Will Microsoft's Silverlight dampen the appeal of Google's Chrome OS?

Summary: I'm not one of those ready to write Windows an RIP certificate now that Google has finally taken (some of) the wraps off its Chrome OS. In fact, after reading through industry watchers' questions and Google's answers about it, I'm thinking that Chrome OS may not look quite so appealing by the time it rolls out in late 2010. Here's why.


I'm not one of those ready to write Windows an RIP certificate now that Google has finally taken (some of) the wraps off its Chrome OS. In fact, after reading through industry watchers' questions and Google's answers about it, I'm thinking that Chrome OS may not look quite so appealing by the time it rolls out in late 2010. Here's why.

First, as others have noted, Google's Chrome OS is a new windowing system layered on top of Linux that is being customized to run on netbooks. Chrome OS is an "extension to Chrome," the company's browser, in Google execs' own words. Google officials are billing Chrome OS, among other things, as a way to provide Web applications with the functionality of desktop applications.

Microsoft offers an extension not just to its browser, Internet Explorer, but also to Firefox, Apple's Safari and Google's own Chrome. That extension is Silverlight. Among other things, Silverlight is a vehicle for providing increasingly complex consumer and business apps via a browser.

At the Microsoft Professional Developers Conference (PDC) this week, Microsoft rolled out its strategy and plans for Silverlight 4, the version of its browser plug-in that is slated for final release by mid-2010. Silverlight 4 is adding support for data binding, enterprise networking and printing, and lots of other features that are likely to make the platform more appealing to folks writing not just single-function, lightweight Web apps, but enterprise apps, as well.
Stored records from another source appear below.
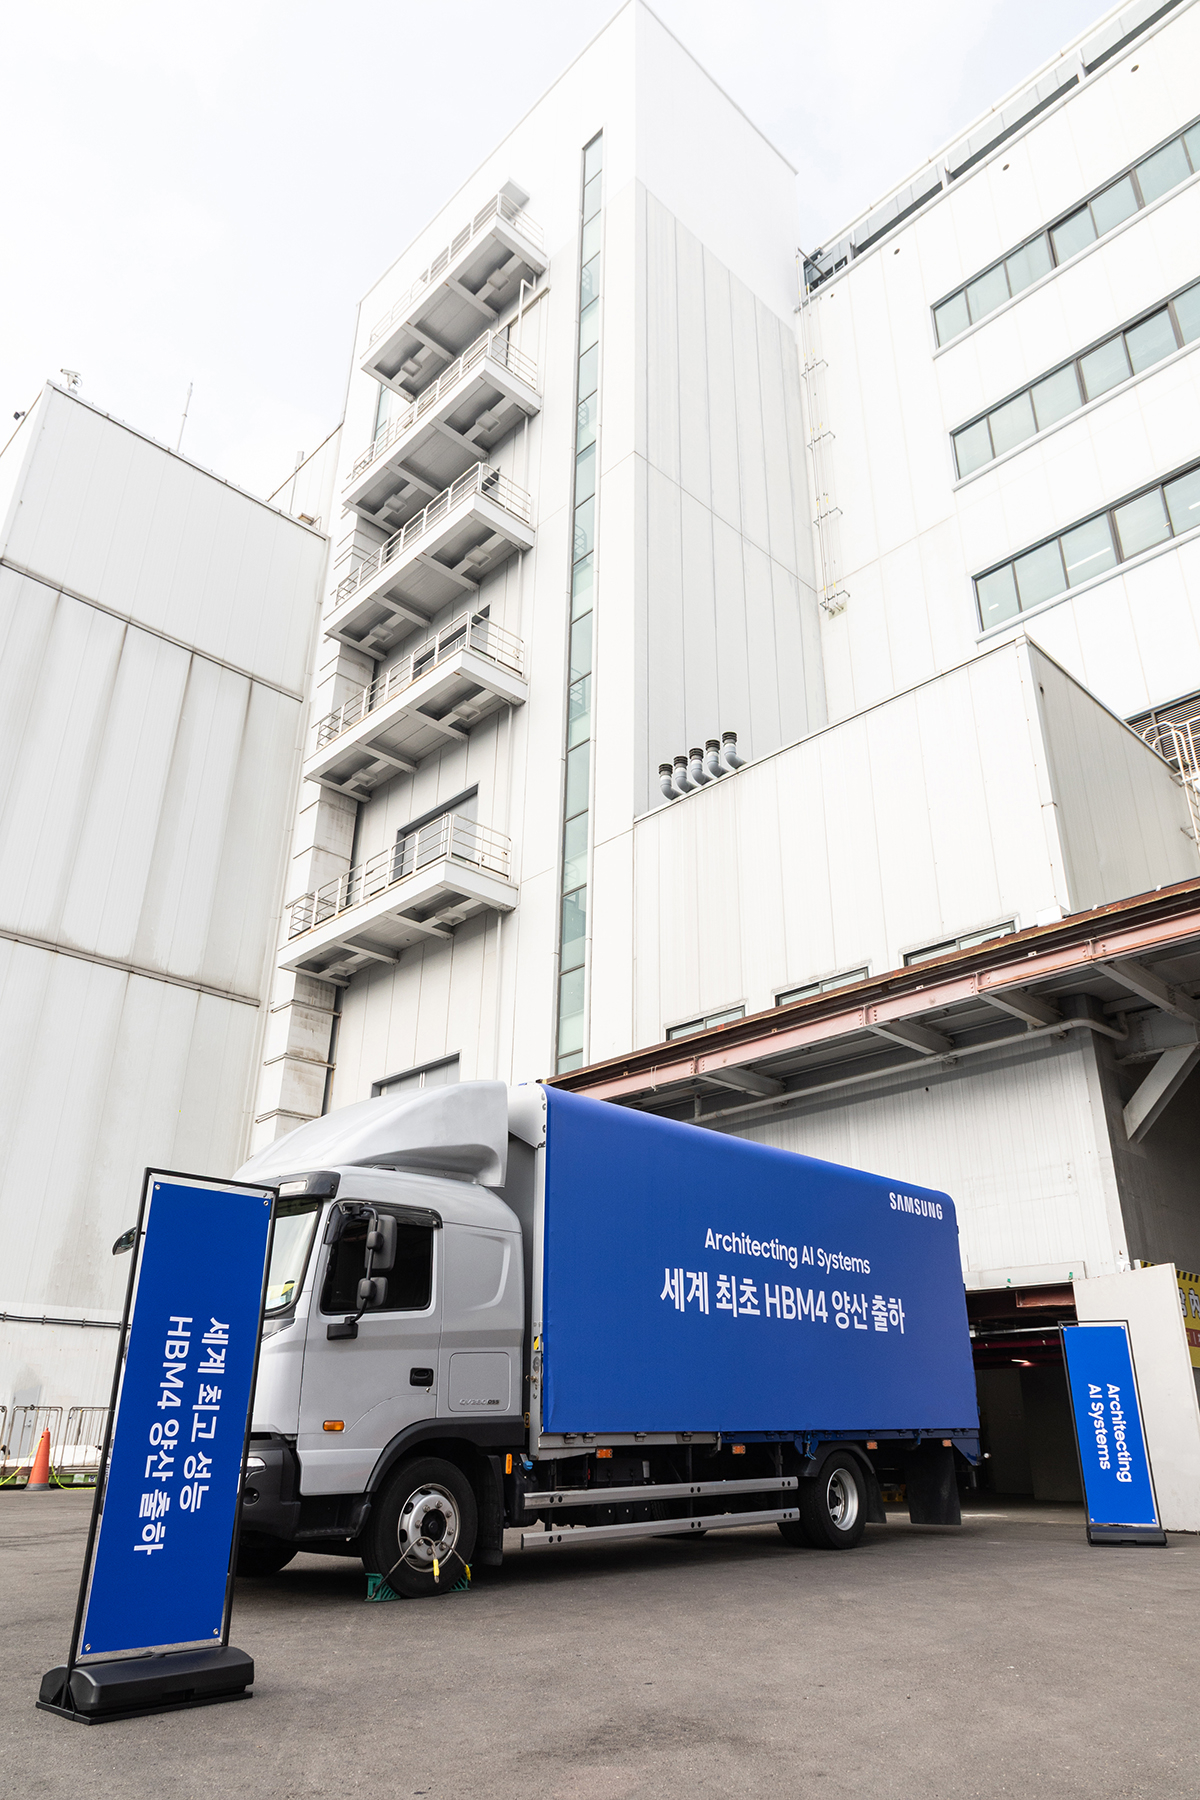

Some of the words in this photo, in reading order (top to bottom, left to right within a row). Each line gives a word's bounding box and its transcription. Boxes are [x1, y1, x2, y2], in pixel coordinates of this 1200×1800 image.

[890, 1191, 943, 1220] SAMSUNG
[705, 1228, 798, 1270] Architecting
[802, 1246, 815, 1266] AI
[817, 1248, 871, 1275] Systems
[660, 1267, 709, 1315] 세계
[716, 1274, 760, 1317] 최초
[765, 1283, 829, 1323] HBM4
[832, 1291, 868, 1330] 양산
[872, 1295, 905, 1334] 출하
[157, 1316, 193, 1410] HBM4
[197, 1317, 230, 1374] 세계
[191, 1384, 222, 1442] 최고
[1088, 1383, 1103, 1399] AI
[145, 1419, 180, 1482] 양산
[1088, 1402, 1111, 1470] Systems
[1106, 1383, 1132, 1483] Architecting
[179, 1451, 213, 1512] 성능
[133, 1489, 170, 1555] 출하
Silverlight is a slimmed-down, cross-platform version of Microsoft's Windows Presentation Foundation (WPF) programming model. Each successive iteration of Silverlight includes more and more WPF functionality (and vice versa).

Some day -- Microsoft won't say exactly when -- Silverlight and WPF are going to merge into one Web programming and app delivery model that, most likely, will be known as Silverlight, Brad Becker, Director of Product Management for Microsoft's Rich Client Platforms, told me this week at TechEd the PDC. Now that the two share the same compiled assemblies, tools and the like, that idea isn't really so far-fetched. Until that happens, Microsoft plans to continue to offer both WPF and Silverlight, steering developers of more complex, resource-intensive applications toward WPF and Web-centric app developers toward Silverlight.

When Google execs were asked during this week's press conference where they shared more information (but no code or systems) about the Chrome OS as to whether Silverlight would be able to work on Chrome OS, they said no comment. Maybe they see Silverlight might be more foe than friend of the Chrome OS.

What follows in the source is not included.